El que lo dibujó debería resolver más circuitos como el de la registración.
Saludos a la comunidad. Soy nuevo en ella.


----------



## Elvis! (Dic 2, 2008)

Yo creo que es mas facil y economico y probable de funcionar este circuito
Apartir del cual como se daran cuenta se pueden obtener tensiones simetricas a partir de una sola corriente en el transformador..

Un saludin!


----------



## roloel ralo (Dic 2, 2008)

Mi comentario se refiere al error que tiene el circuito publicado en la página linkeada:
Las entradas del amplificador operacional estan invertidas. La realimentación debe ser negativa para que ese circuito funcione. si se lo arma de la manera que está dibujado no funciona porque la realimentación es positiva ya que la etapa de salida a transistores es no inversora.

Saludos


----------



## nicoeleich (Dic 27, 2008)

hola a todos...

tengo dos dudas..si conecto al reves las entradas del amplificador funcionara realmente o hay otro error?
y lo otro, el voltaje +V/2 y -V/2 son con respecto a que? al punto medio que forman los transistores?
gracias...


----------



## Fogonazo (Dic 27, 2008)

nicoeleich dijo:
			
		

> hola a todos...


Bienvenido al foro



> tengo dos dudas..si conecto al reves las entradas del amplificador funcionara realmente o hay otro error?

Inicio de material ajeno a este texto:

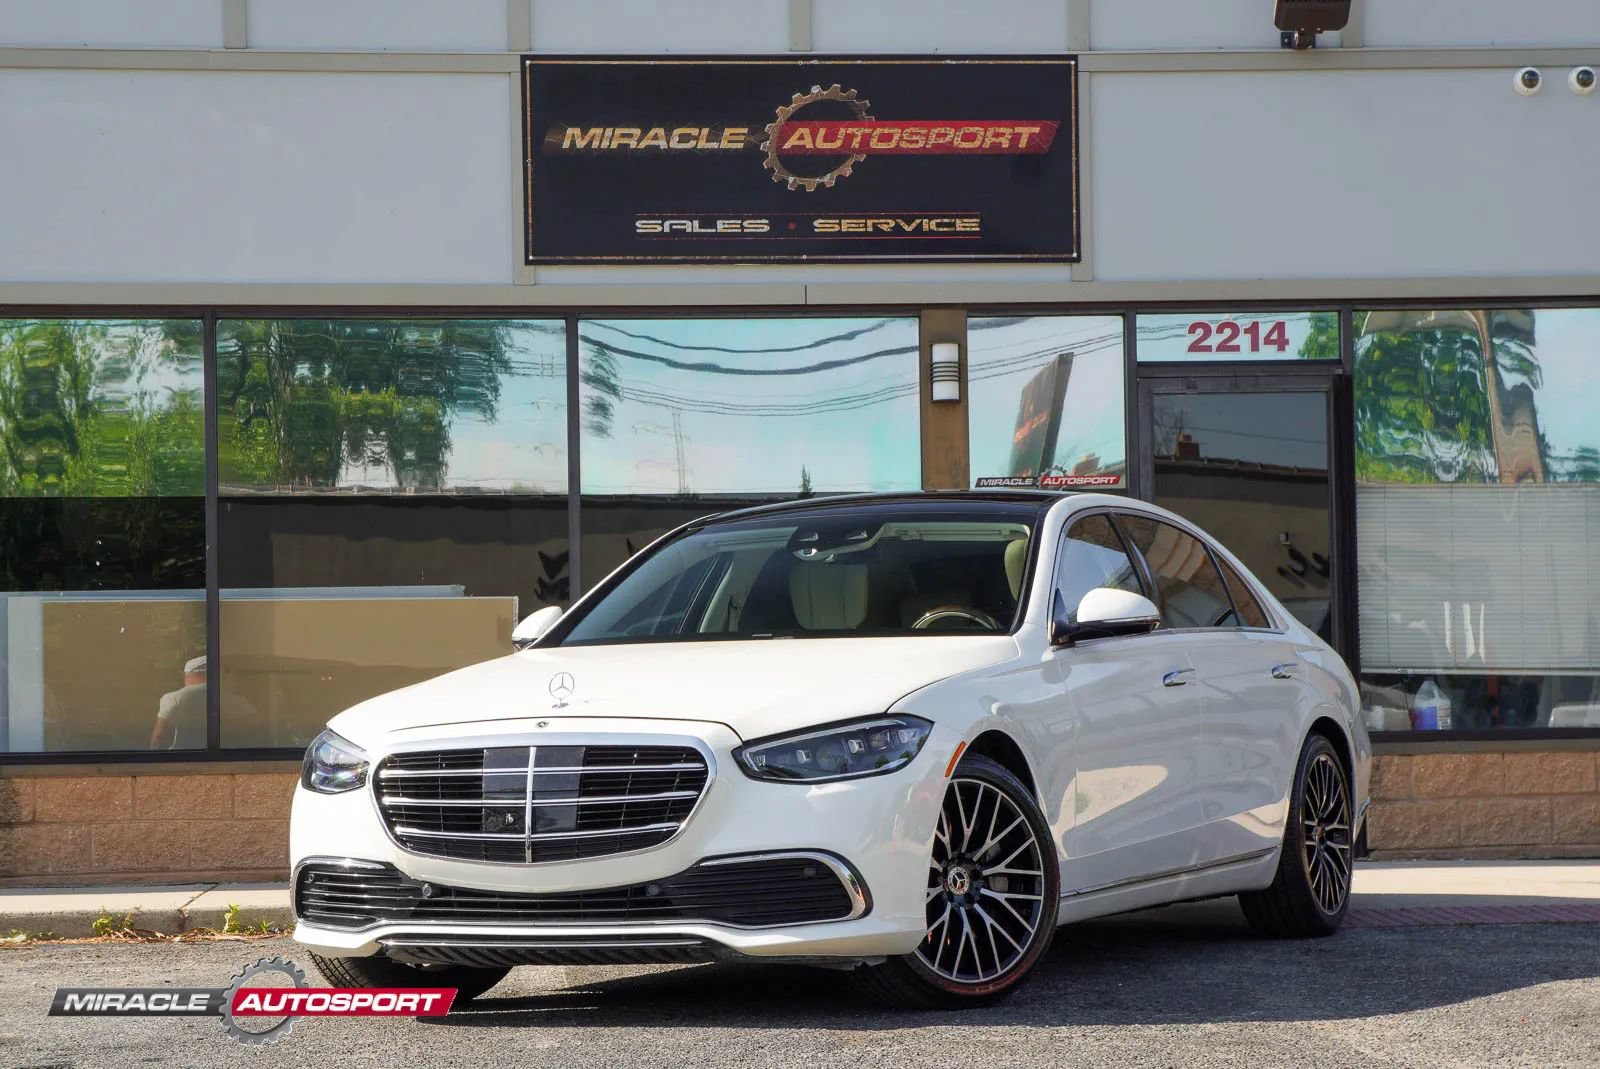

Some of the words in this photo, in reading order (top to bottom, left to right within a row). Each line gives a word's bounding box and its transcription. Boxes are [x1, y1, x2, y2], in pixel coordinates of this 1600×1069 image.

[562, 127, 749, 149] MIRACLE
[782, 127, 1041, 149] AUTOSPORT
[635, 218, 770, 233] SALES
[813, 218, 981, 232] SERVICE
[1187, 320, 1290, 353] 2214
[980, 477, 1033, 486] MIRACLE
[1042, 476, 1117, 485] AUTOSPORT

¿ Que entradas ? de ¿ Que amplificador ?



> y lo otro, el voltaje +V/2 y -V/2 son con respecto a que? al punto medio que forman los transistores?
> gracias...


Si, ese punto pasa a ser GND


----------



## nicoeleich (Ene 4, 2009)

cuando hablaba del "amplificador" me refería al amplificador operacional del circuito del link, roloel ralo menciona que las entradas del operacional estan conectadas al reves...y me pregunto si será ese el unico error... de todas maneras instalaré workbench para simularlo ya que formatee el pc hace poco....
gracias..


----------



## Fogonazo (Ene 4, 2009)

nicoeleich dijo:
			
		

> cuando hablaba del "amplificador" me refería al amplificador operacional del circuito del link, ........


Si te refieres a este link, en efecto las entradas del amplificador operacional están al revés, invertida la entrada (+) con la (-)
http://comunidad.ciudad.com.ar/internacional/aruba/megat/fuente6.htm


----------



## nicoeleich (Ene 5, 2009)

gracias fogonazo...hoy lo simulare en workbench... también ando buscando al igual que varios un filtro pasa bajas para conjugarlo con un tda1562 (fuente simple) y mover un sub woofer de auto asi que la fuente dual me viene perfecto...
saludos a todos y feliz 2009


----------



## Fogonazo (Ene 5, 2009)

nicoeleich dijo:
			
		

> gracias fogonazo...hoy lo simulare en workbench... también ando buscando al igual que varios un filtro pasa bajas ...........


Esta es la parte "Filtro", la salida de este la mandas a tu integrado de potencia, tiene una frecuencia de corte de unos 100 Hz y ya trae incluida una fuente virtual partida, el integrado lo puedes reemplazar por un TL072 (Mas fácil de conseguir y mas económico)
https://www.forosdeelectronica.com/posts/127716/


----------



## DJ DRACO (Ene 5, 2009)

Hola amigos volvi al hilo.

con respecto al sistema que diseñe, no lo posteo aun porque primero quiero probarlo muchas veces, con voltajes diversos y distintas frecuencias de oscilación.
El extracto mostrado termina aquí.